- What needs to be done -
Repeat the records exactly as given. Do not include the pictures.

[Start of Attachment]

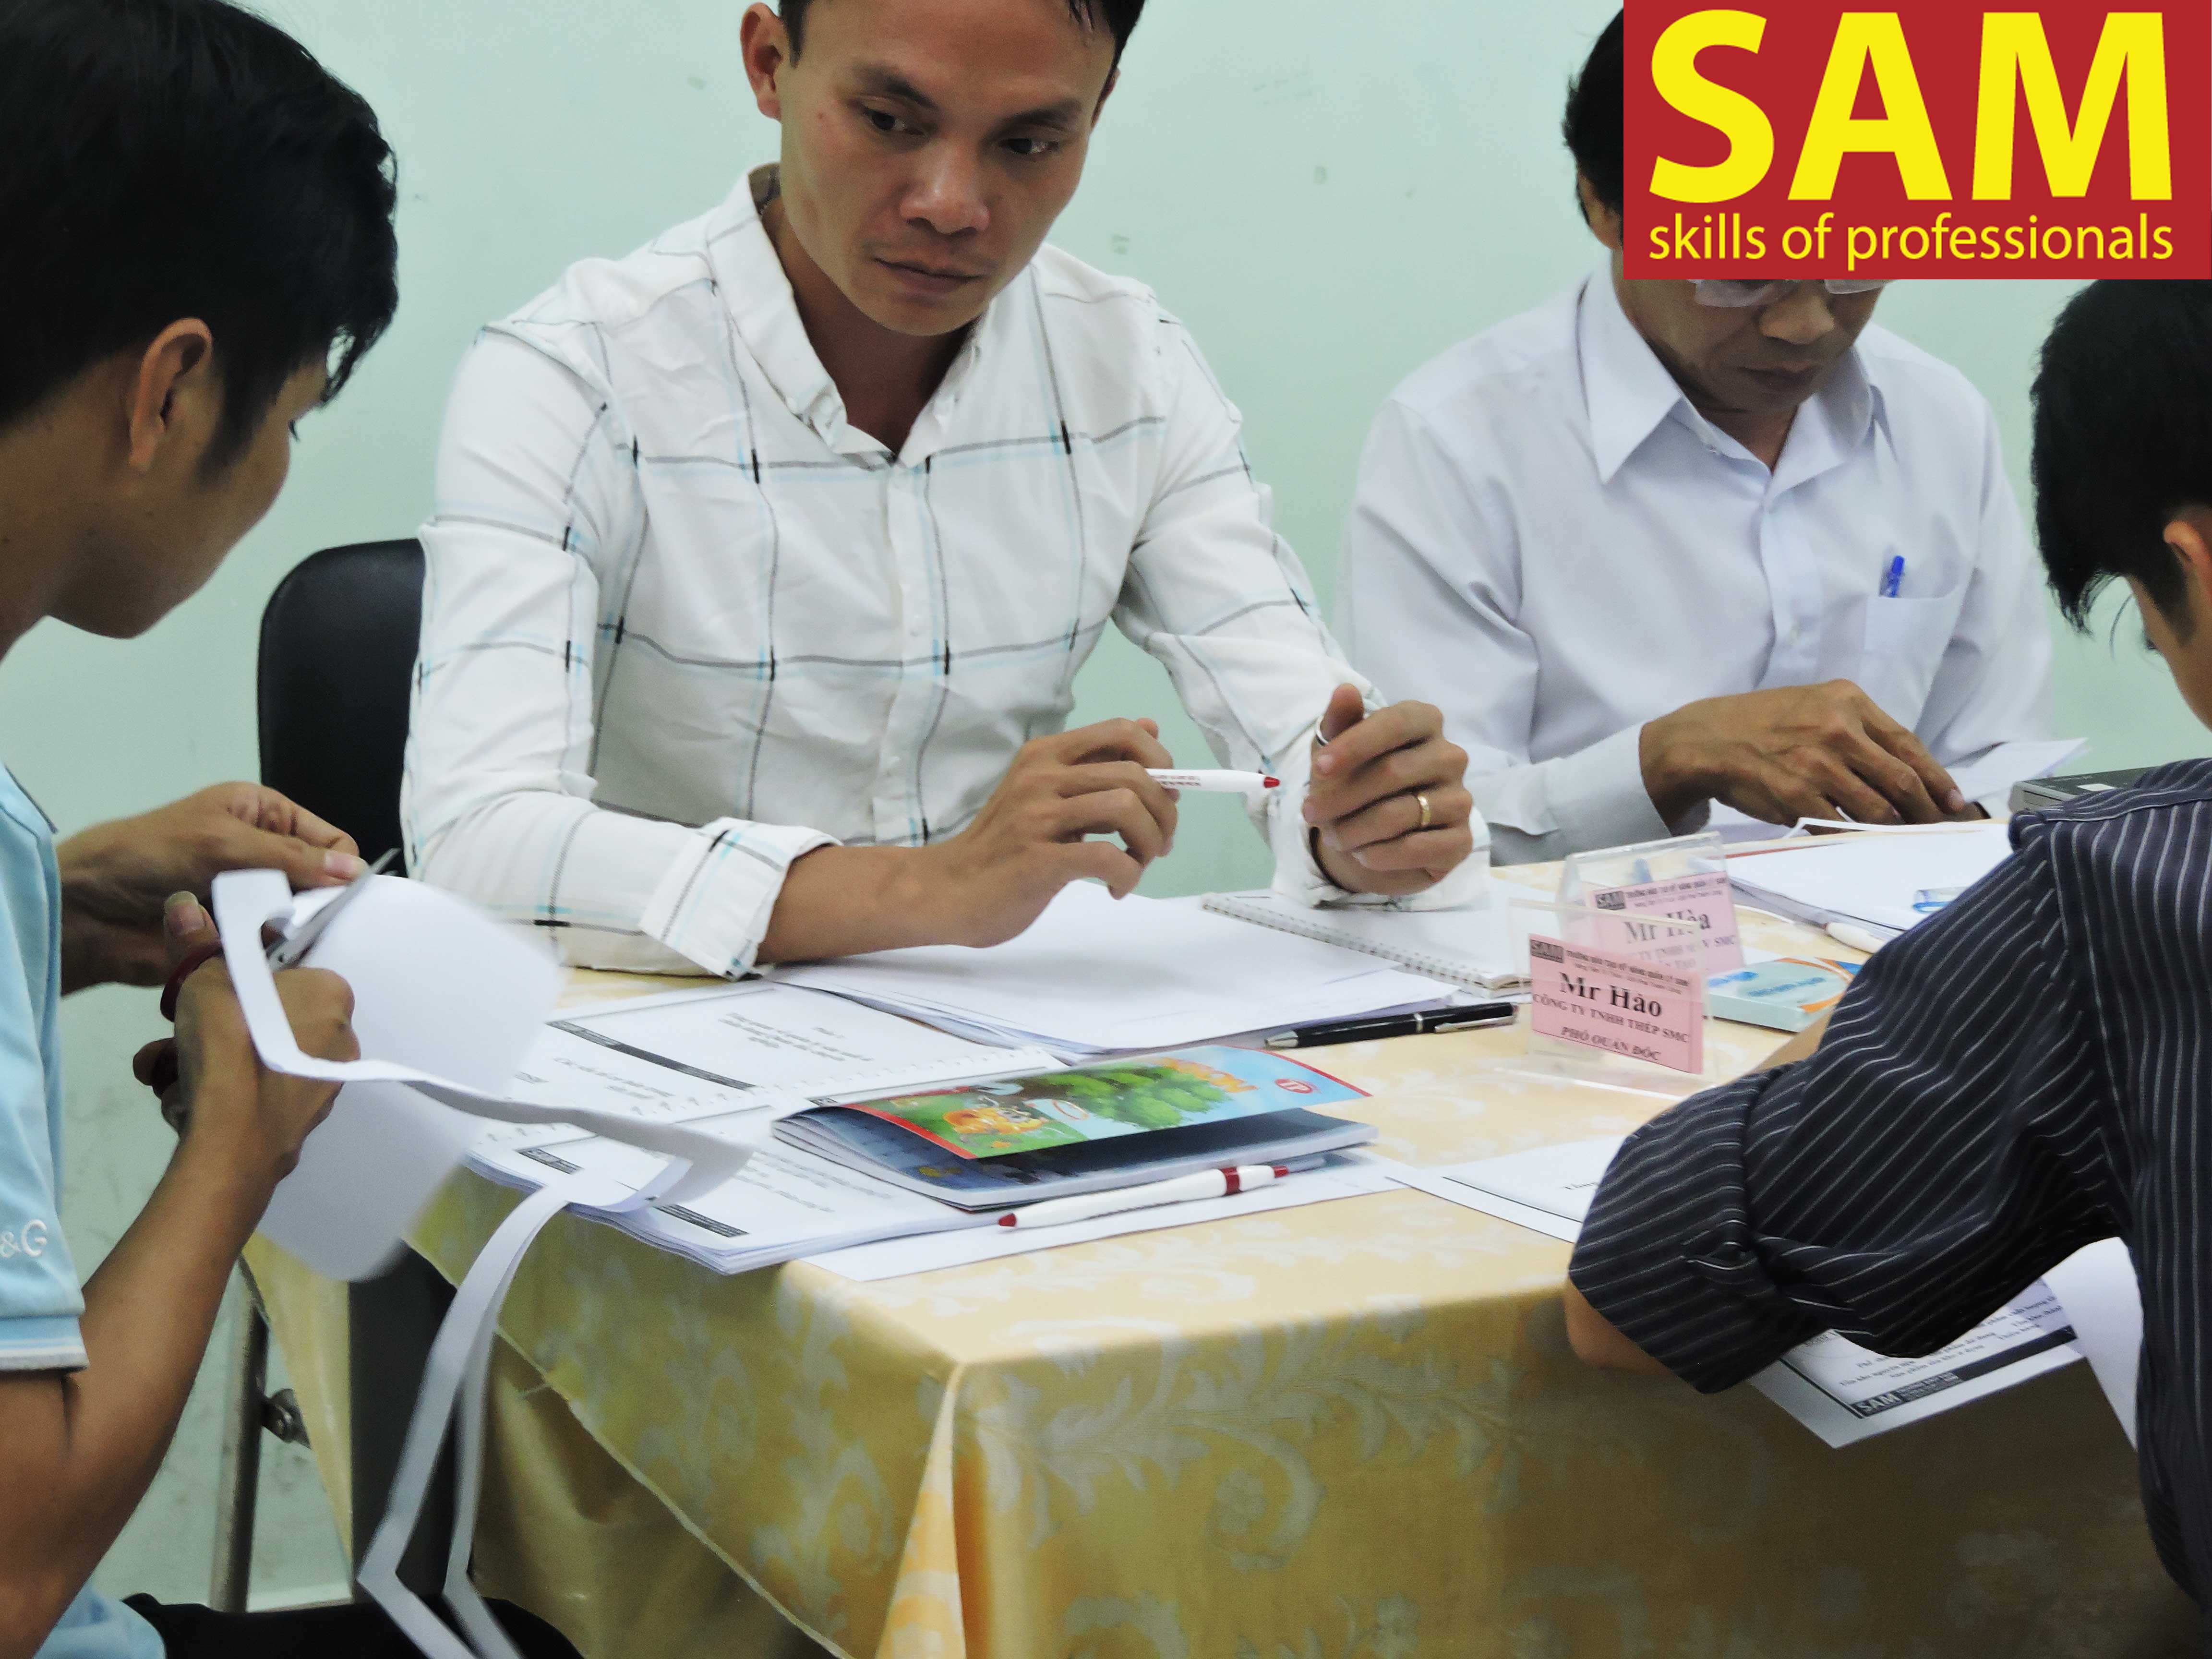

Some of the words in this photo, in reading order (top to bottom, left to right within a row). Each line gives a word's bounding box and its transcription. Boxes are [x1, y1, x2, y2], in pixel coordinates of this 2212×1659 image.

[1623, 921, 1657, 944] Mr
[1559, 972, 1601, 1000] Mr
[1533, 993, 1568, 1011] CÔNG
[1571, 1003, 1585, 1015] TY
[1590, 1009, 1625, 1026] TNHH
[1662, 1028, 1689, 1043] SMC
[1856, 1393, 1902, 1414] SAM

[End of Attachment]

- Worked solution -
Some of the words in this photo, in reading order (top to bottom, left to right within a row). Each line gives a word's bounding box and its transcription. Boxes are [x1, y1, x2, y2], in pixel coordinates of this 2212×1659 image.

[1623, 921, 1657, 944] Mr
[1559, 972, 1601, 1000] Mr
[1533, 993, 1568, 1011] CÔNG
[1571, 1003, 1585, 1015] TY
[1590, 1009, 1625, 1026] TNHH
[1662, 1028, 1689, 1043] SMC
[1856, 1393, 1902, 1414] SAM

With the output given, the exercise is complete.